DETAILED DESCRIPTION
[0038] The examplary embodiments to which the present invention is
applied will be described below in detail with reference to
drawings. In these embodiments, the present invention is applied to
a communication system provided with a management computer, a host
computer, a switch unit and a storage device. And the host
computer, the switch unit and the storage device are connected by a
storage cable. And the management computer, the host computer and
the switch unit are connected via a communication network.
First Exemplary Embodiment of the Present Invention
[0039] In the communication system according to this embodiment, a
fault on a storage area network is judged based on statistical
information about the switch unit and notified to a path management
program on the host computer. Then, an access path is identified
from a port where the fault has occurred.
[0040] FIG. 1 is a diagram showing the communication system
according to the exemplary embodiment of the present invention. As
shown in FIG. 1, the communication system (hereinafter referred to
as the calculator system) is provided with a management computer
100A, a host computer 200A, a switch unit 300A and a storage device
400A. The host computer 200A and the switch unit 300A and the
storage device 400A are connected by a storage cable 500A, and the
management computer 100A, the host computer 200A and the switch
unit 300A are connected via a communication network 600.
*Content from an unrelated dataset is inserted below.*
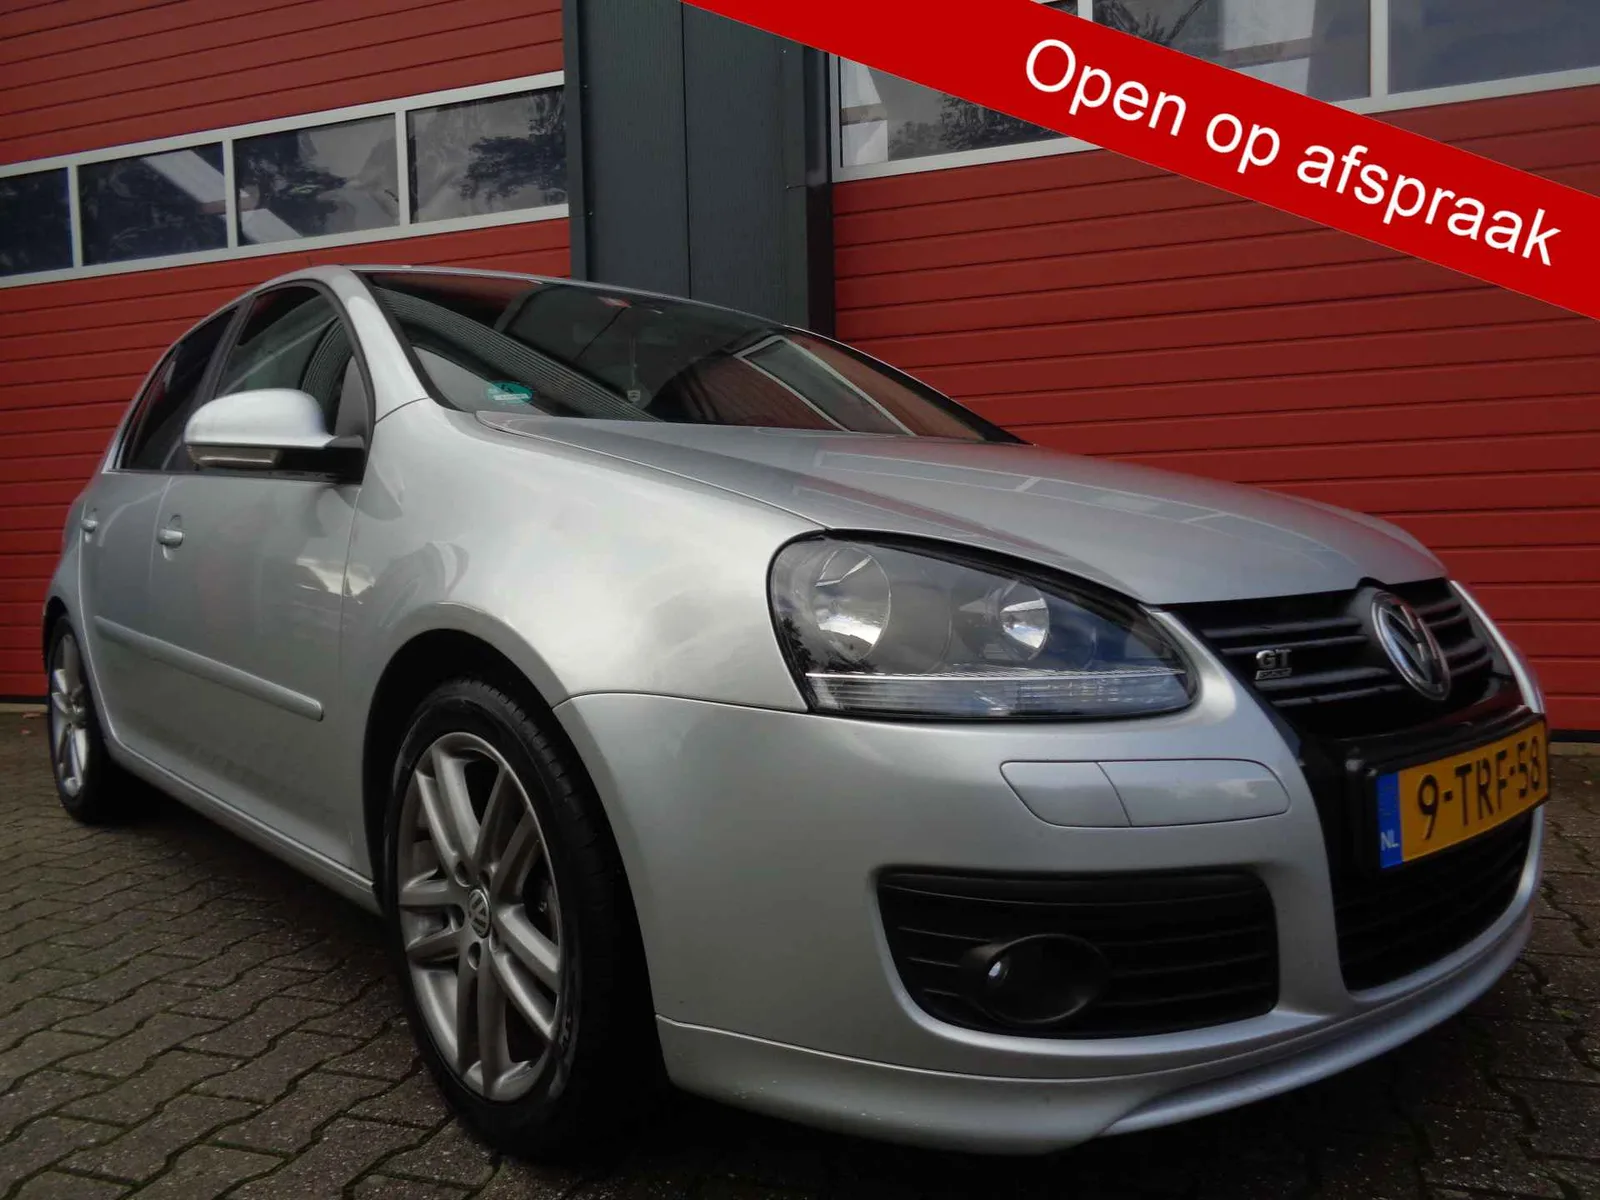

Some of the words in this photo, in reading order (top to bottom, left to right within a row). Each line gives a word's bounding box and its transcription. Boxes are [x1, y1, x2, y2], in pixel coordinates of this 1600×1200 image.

[0041] The management computer 100A has a storage network
management program 110A which generates network path information.
The host computer 200A has one or more host ports 210A and a path
management program 220A which detects a fault on the network by
receiving fault information. The switch unit 300A has one or more
switch ports 310A and 310B, and the storage device 400A has one or
more storage ports 410A.
[0042] The storage network management program 110A periodically
acquires path information and switch information from the host
computer 200A and the switch unit 300A, respectively. The path
information is information about an access path with a certain host
port as a start point and a certain storage port as an end point.
The switch information is information including connection
destinations of the switch ports 310A and 3108 and the number of
error detections.
[0043] And the storage network management program 110A
creates/updates the network path information indicating the
connection destination of each port and the state thereof on the
basis of the path information and the switch information.
[0044] Then, when a fault occurs, the storage network management
program 110A creates fault information from the switch information
and the network path information and transmits the fault
information to the path management program 220A on each host
computer 200A. Thereby, each host computer 200A can detect the
fault and identify a fault occurrence position. That is, it is
possible to detect a recoverable fault which has occurred at a
layer lower than the path management program, and it is also
possible to identify where on the route the fault has occurred when
the fault is detected.
Second Exemplary Embodiment of the Present Invention
[0045] In the first exemplary embodiment described above, one host
computer and one switch unit are provided. In this embodiment,
however, two host computers and two switch units are provided. The
storage device is provided with a disk as a storage section. FIG. 2
is a diagram showing the configuration of a communication system
according to this embodiment.
[0046] As shown in FIG. 2, a calculator system 1 according to this
embodiment is configured by one management computer 100, one or
more host computers 200, one or more switch units 300, and one or
more storage devices 400.
[0047] On the management computer 100, a storage network management
program 110 operates, and the management computer 100 has one piece
of storage network information 120, one piece of fault information
130, one piece of network path information 140 and one piece of
network switch information 150.
[0048] The network path information 140 functions as a path
information storage section which stores path information 230
periodically sent from the host computers 200. The network switch
information 150 functions as a switch information storage section
which stores switch information periodically sent from the switch
unit 300.
[0049] The host computer 200 can be identified by a computer
identifier 201. The host computer 200 has an arbitrary number of
host ports 210. One path management program 220 operates on the
host computer 200, and the host computer has one piece of path
information 230. The path information 230 is configured by a table
having access path information as described later. Each host port
can be identified by a host port identifier 231.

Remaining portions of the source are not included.